Le plus grand développement de réglementation cryptographique de l’année arrive : voici ce que nous savons jusqu’à présent

Une évaluation notable a émergé concernant la réglementation des pièces stables dans le secteur des crypto-monnaies. Bill Hughes, personnalité renommée du droit et de la réglementation, a déclaré que le projet de réglementation conjoint préparé par les unités FinCEN et OFAC du département du Trésor américain dans le cadre de la loi GENIUS pourrait être l'une des étapes réglementaires les plus importantes de l'année.
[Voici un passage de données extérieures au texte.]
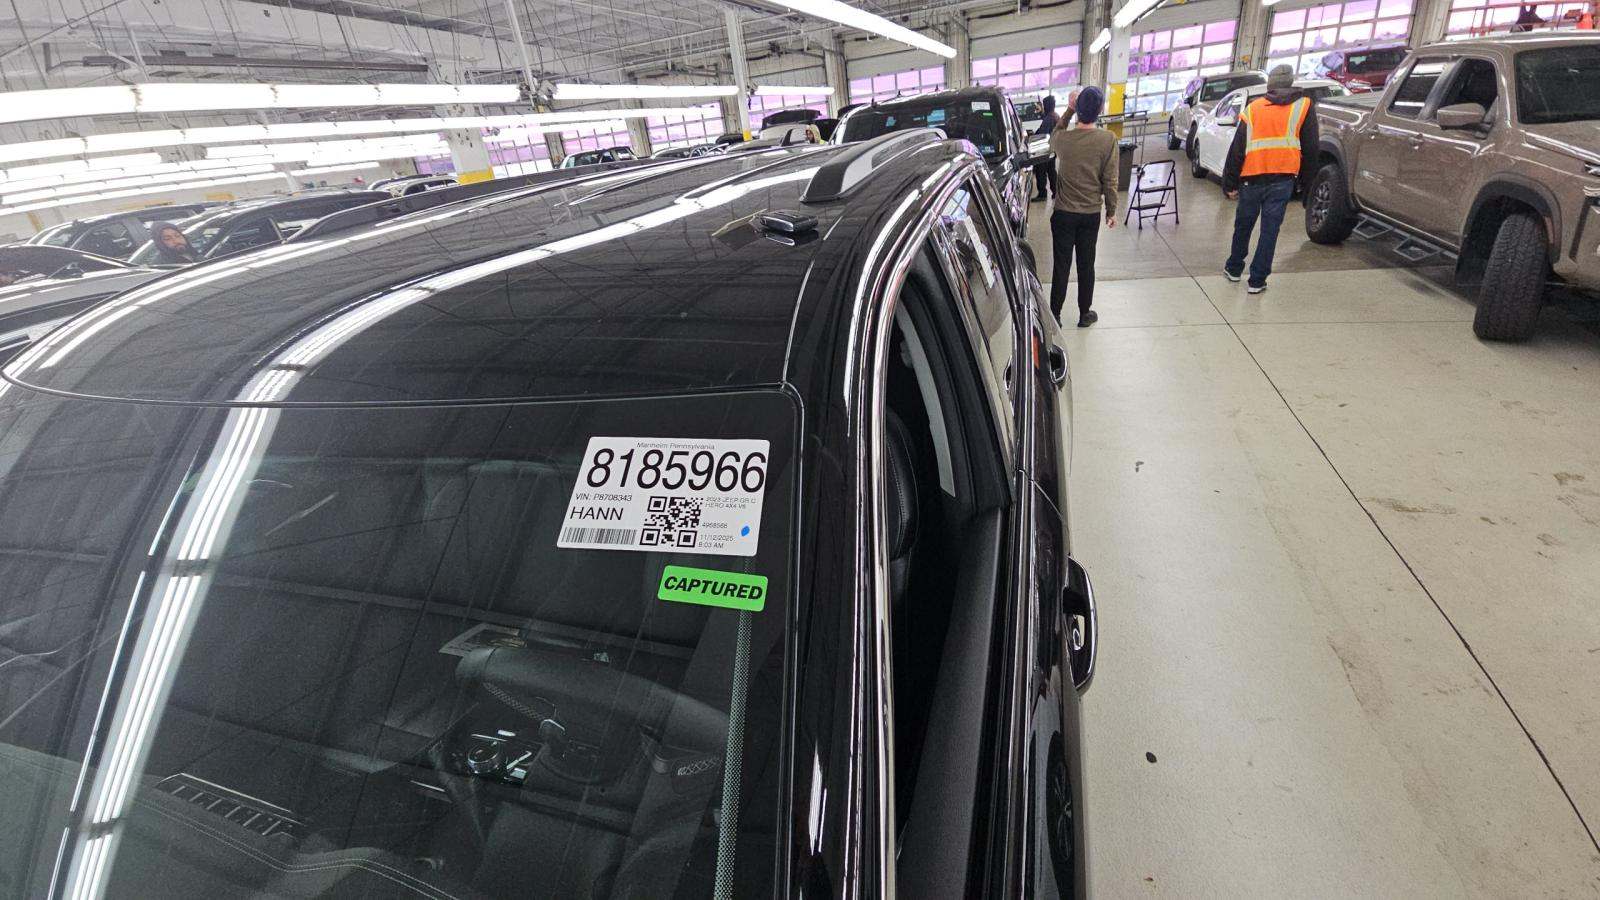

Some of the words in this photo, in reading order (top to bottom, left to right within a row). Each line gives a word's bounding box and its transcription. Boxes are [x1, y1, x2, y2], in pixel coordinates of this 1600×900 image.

Selon Hughes, cette réglementation façonnera non seulement le marché des pièces stables, mais pourrait également établir la norme de base pour les futures politiques américaines d'application, de lutte contre le blanchiment d'argent (AML) et de conformité concernant les crypto-monnaies. Il a également été suggéré que cela pourrait influencer la manière dont les organismes de réglementation tels que la SEC et la CFTC abordent les actifs cryptographiques. L'un des points les plus marquants du projet de règlement est la distinction entre les marchés primaire et secondaire. Hughes a déclaré que le FinCEN a adopté une approche « raisonnable » à l'égard des transactions sur le marché secondaire, arguant que ces transactions ne devraient pas déclencher d'obligations de vérification du client (KYC), de surveillance continue ou de déclaration des transactions suspectes. Selon l'évaluation, les régulateurs estiment que de telles obligations créeraient une charge opérationnelle plus importante que les avantages qu'elles apporteraient.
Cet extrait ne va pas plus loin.